Do you have moments when you despair of the human species?
“One of the things we’ve proven beyond doubt in the last decade is that telling people the scientific facts doesn’t make them change their behavior. A recent study in the States showed that 70 percent of American citizens don’t think that human beings are the cause of global warming. But still, there’s one story that gives me a bit of hope: when Abraham Lincoln met Harriet Beecher Stowe, the author of ‘Uncle Tom’s Cabin,’ he remarked to her, ‘So you are the little woman who caused this great war.’ Little m?ssages can cause great changes. The past shows us that humanity can radically change in a moment, as happened with the fall of the Soviet Union. There is no reason why it shouldn’t happen with environmentalism. Changes can happen in a second, when the time is right. Our role is to make sure the time will be right.”
Israel’s demographic obsession
“There are 11 million people living in Israel, the West Bank and the Gaza Strip. That number will double within a few decades,” says Prof. Dan Rabinowitz, from the Department of Sociology and Anthropology at Tel Aviv University. “It is not clear how a population of this size can be sustained in an area of 26,000 square kilometers, including the West Bank and Gaza.”
Rabinowitz is one of a number of academics trying to stir a public discussion on the issue of Israeli demographics. In an article (in Hebrew) titled “The Eco-Demographic Crisis,” three scientists from the Department of Environmental Sciences and Energy Research at the Weizmann Institute of Science Prof. Dan Yakir, Dr. Eyal Rotenberg and Tamir Klein write, “The birthrate and rate of immigration [in Israel] derive from a social and political approach by the government which is highly sensitive from the Israeli public’s point of view ... Despite the unavoidable connection between population growth and environmental quality (and the other areas of life, such as education, health and welfare), the demographic issue has become a taboo subject in Israel, with the result that hardly any moral or scientific discussion takes place about the consequences of population growth.”

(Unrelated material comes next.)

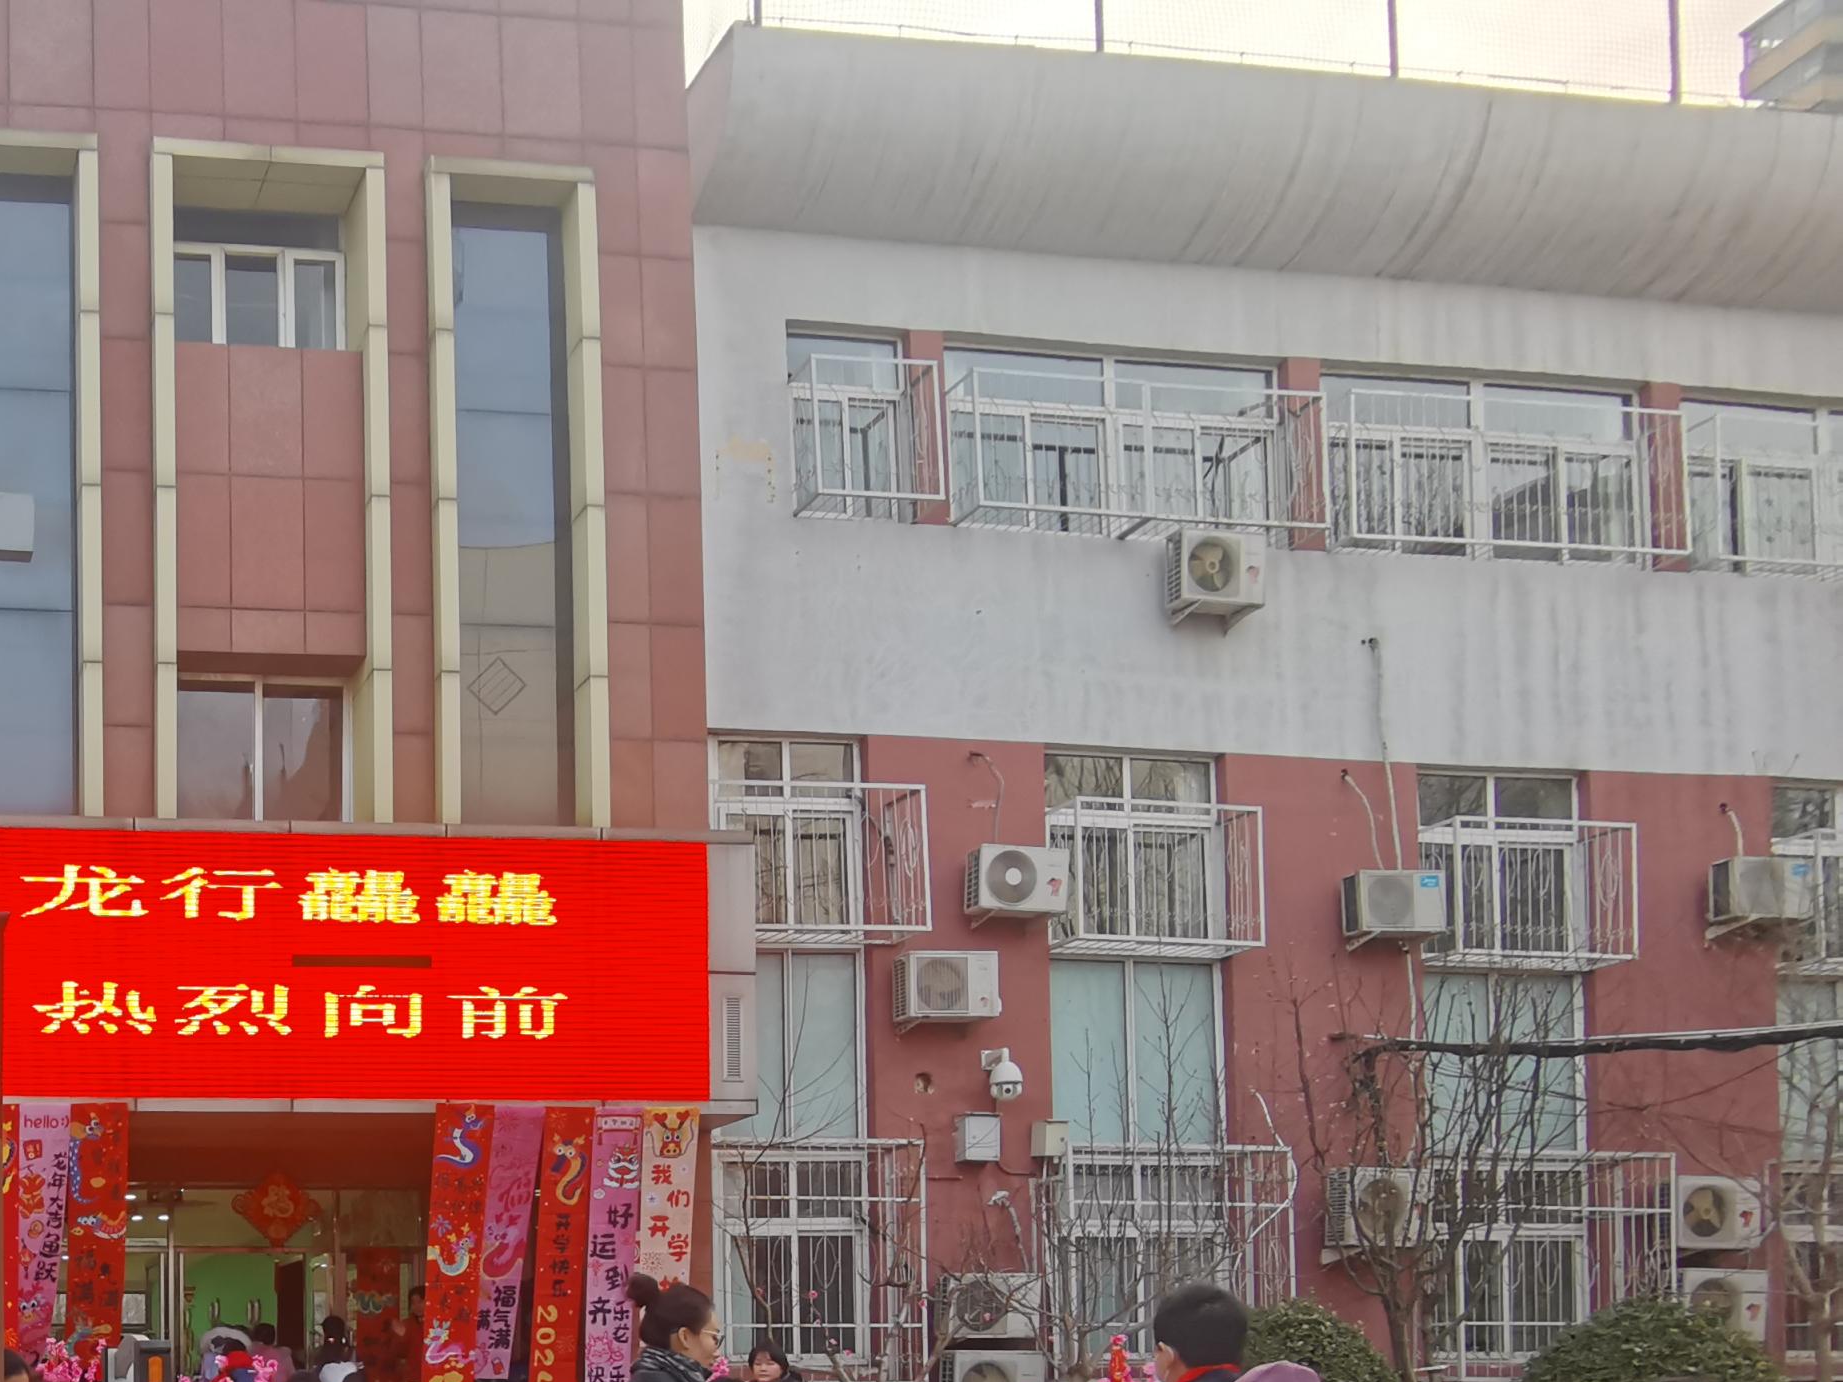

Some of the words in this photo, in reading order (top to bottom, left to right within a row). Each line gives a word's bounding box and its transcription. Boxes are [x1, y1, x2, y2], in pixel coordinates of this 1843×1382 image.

Rabinowitz adds that Zionism considers itself at the forefront of two numerical struggles: increasing the number of Jews who live in Israel, as a means to counter the Palestinians’ demands, and saving as many Diaspora Jews as possible. “Israel’s immigration policy is guided exclusively by quantitative thinking, which erases any possibility of thinking about the limits of the existing resources. This is accompanied by a culture which aggressively encourages procreation, backed by a hard ideology and supported by technology, a highly developed medical system, and financial and other incentives. The result is the creation of an Israeli sacred cow, an approach that no one argues about, disputes or asks the necessary questions about, not even in academe.”

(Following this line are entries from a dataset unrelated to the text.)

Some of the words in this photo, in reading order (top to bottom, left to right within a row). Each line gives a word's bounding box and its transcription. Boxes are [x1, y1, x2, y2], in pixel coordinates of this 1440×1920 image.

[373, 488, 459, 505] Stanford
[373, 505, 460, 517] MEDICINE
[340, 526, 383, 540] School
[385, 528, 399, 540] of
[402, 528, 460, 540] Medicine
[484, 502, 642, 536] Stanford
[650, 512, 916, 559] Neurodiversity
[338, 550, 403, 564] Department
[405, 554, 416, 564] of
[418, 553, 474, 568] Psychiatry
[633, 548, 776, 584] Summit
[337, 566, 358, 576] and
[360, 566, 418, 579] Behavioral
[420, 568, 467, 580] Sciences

A recent issue of the Weizmann Institute journal “Ecology and Environment” (in which the article by Yakir, Rotenberg and Klein also appeared) noted that the annual rate of population growth in Israel is 1.8 percent, the highest among developed countries; that between 1970 and 2005, electricity consumption in Israel increased by 768 percent; that from 2000 to 2008, the number of kilometers driven annually by vehicles in the country rose by 30 percent; and that 77 percent of all construction starts from 1998-2007 involved housing with land attached which came at the expense of “green lung” areas.
Rabinowitz: “For a discussion of this kind to take place, the subject must be considered legitimate. In the case of Israel, the perpetual urgency of the Israeli-Palestinian conflict leaves the subject beyond the pale. I would not pretend to argue that the great issues of the regional conflict will be resolved by means of environmental thinking, but it can certainly help.”